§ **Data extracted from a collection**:
= Beginning of Section =

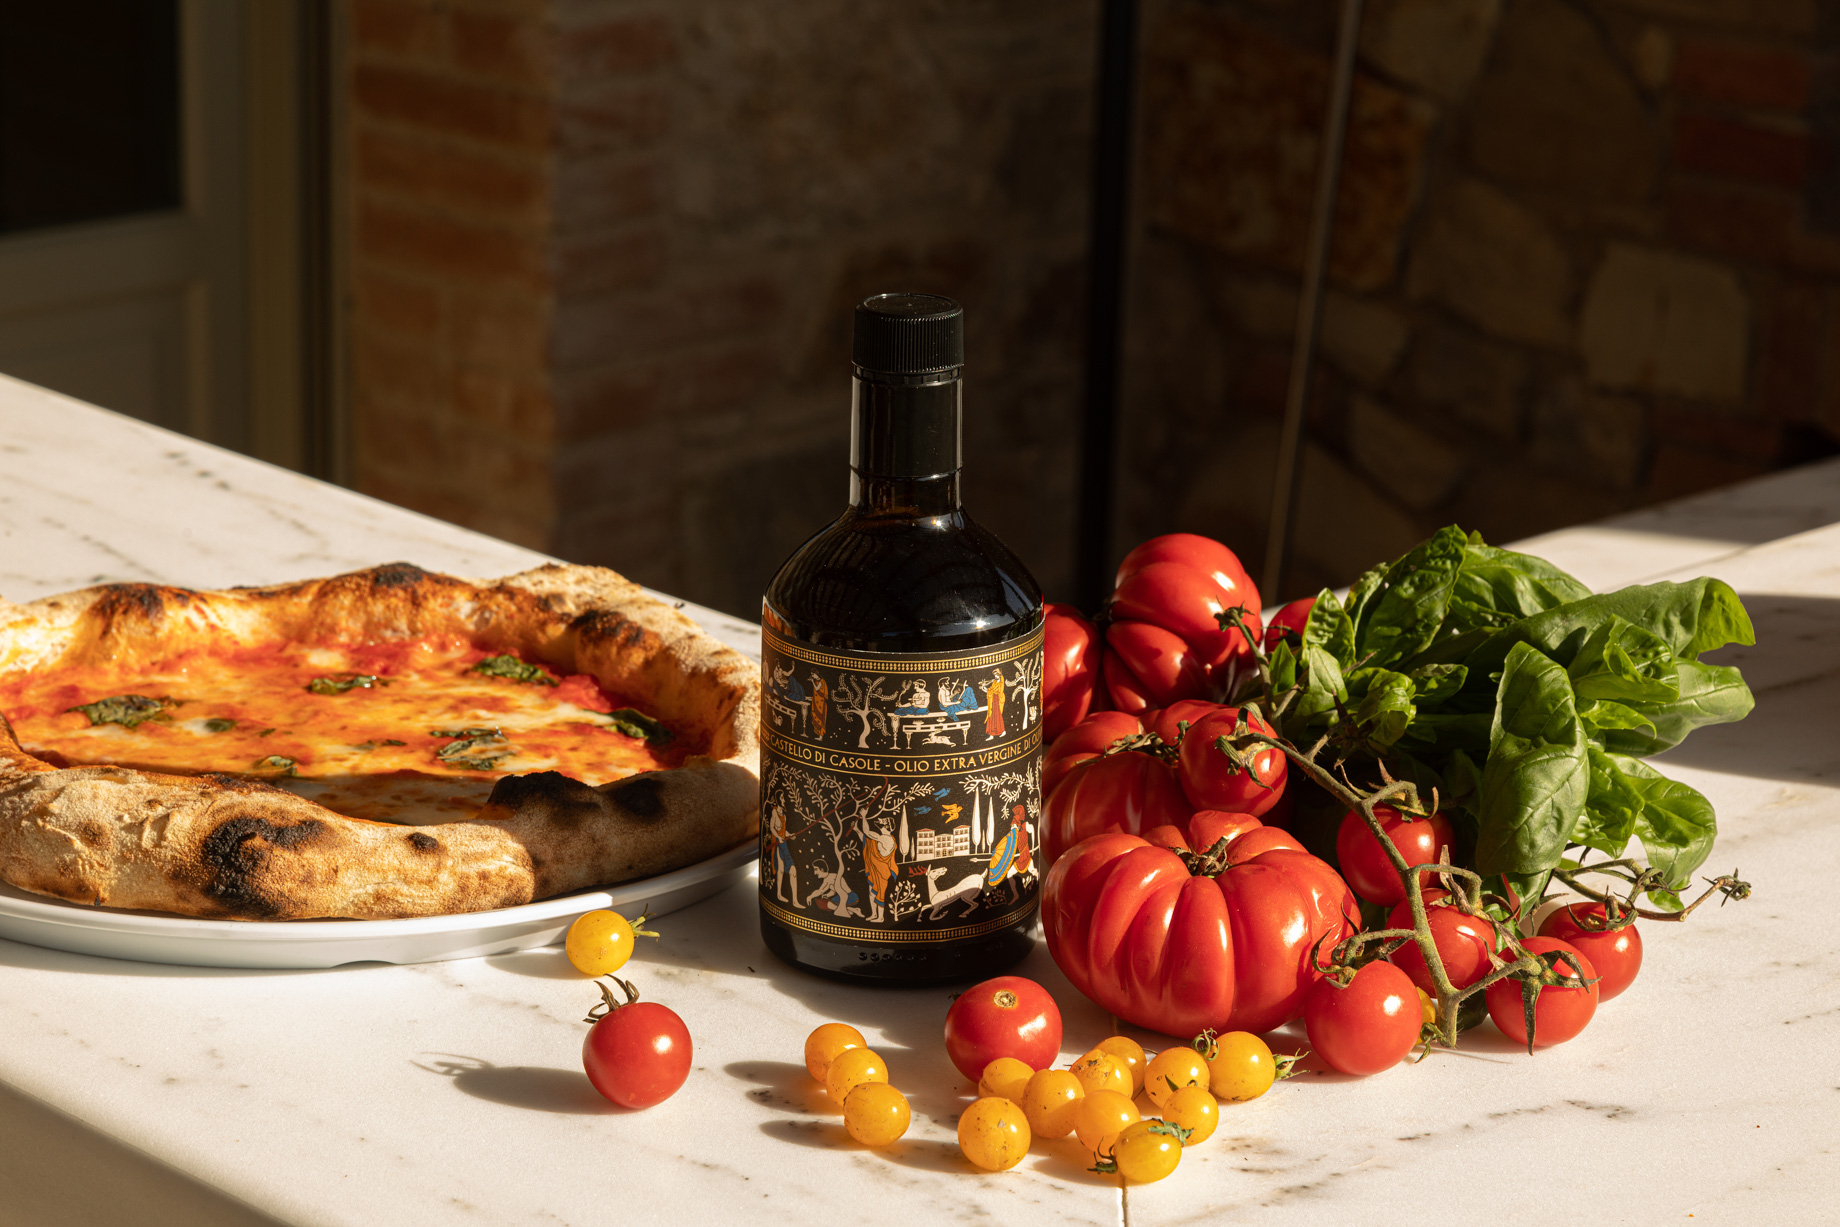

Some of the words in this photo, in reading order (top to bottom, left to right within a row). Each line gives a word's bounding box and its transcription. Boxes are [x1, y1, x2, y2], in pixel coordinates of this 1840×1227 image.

[770, 734, 812, 760] CASTELLO
[814, 750, 826, 764] DI
[829, 754, 881, 771] CASOLE
[894, 760, 930, 773] OLIO
[934, 757, 977, 771] EXTRA
[979, 742, 1022, 765] VERGINE
[1023, 737, 1031, 751] DI
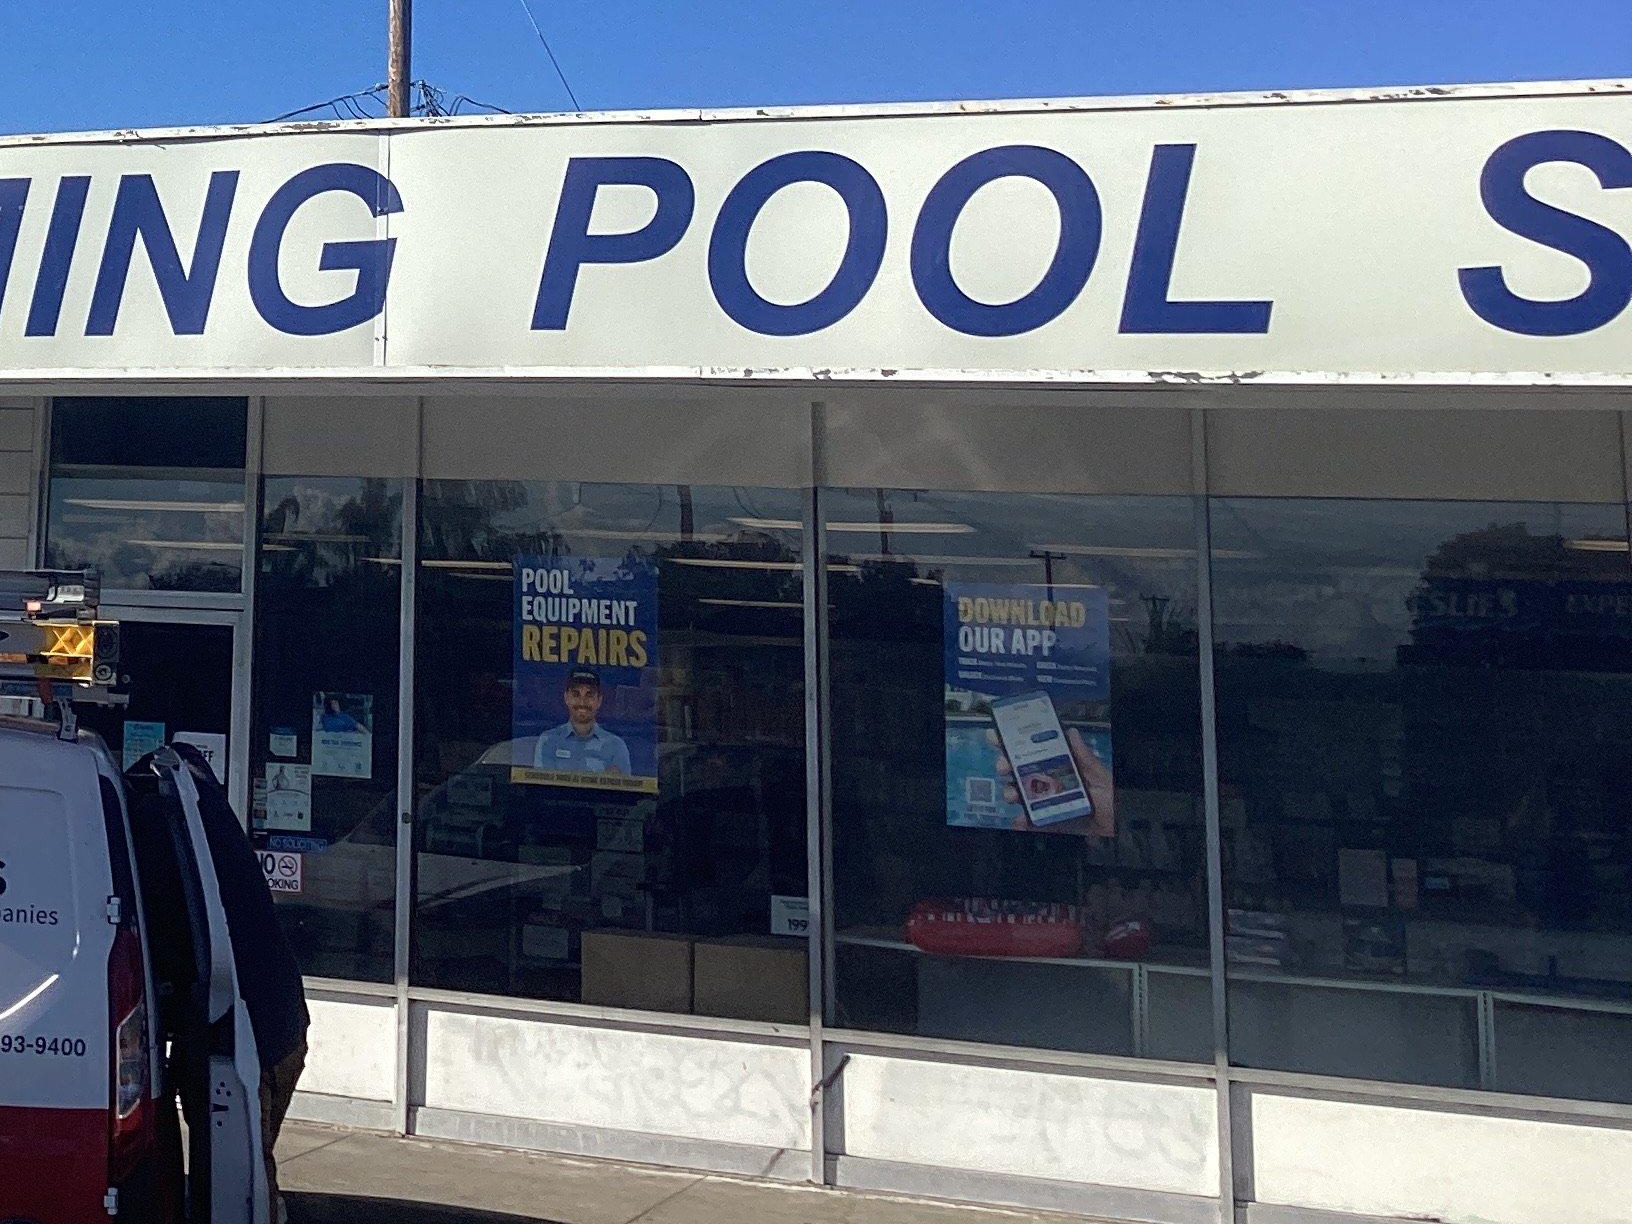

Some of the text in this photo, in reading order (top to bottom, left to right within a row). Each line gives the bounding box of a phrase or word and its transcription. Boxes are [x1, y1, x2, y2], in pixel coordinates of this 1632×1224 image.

= End of Section =

§ **TASK INSTRUCTIONS**: Return an exact copy of the data above, apart from any pictures.

§ **ANSWER SECTION**:
Some of the words in this photo, in reading order (top to bottom, left to right within a row). Each line gives a word's bounding box and its transcription. Boxes are [x1, y1, x2, y2], in pixel coordinates of this 1840×1227 image.

[770, 734, 812, 760] CASTELLO
[814, 750, 826, 764] DI
[829, 754, 881, 771] CASOLE
[894, 760, 930, 773] OLIO
[934, 757, 977, 771] EXTRA
[979, 742, 1022, 765] VERGINE
[1023, 737, 1031, 751] DI

Some of the text in this photo, in reading order (top to bottom, left to right within a row). Each line gives the bounding box of a phrase or word and its transcription. Boxes are [x1, y1, x2, y2], in pixel coordinates of this 1632×1224 image.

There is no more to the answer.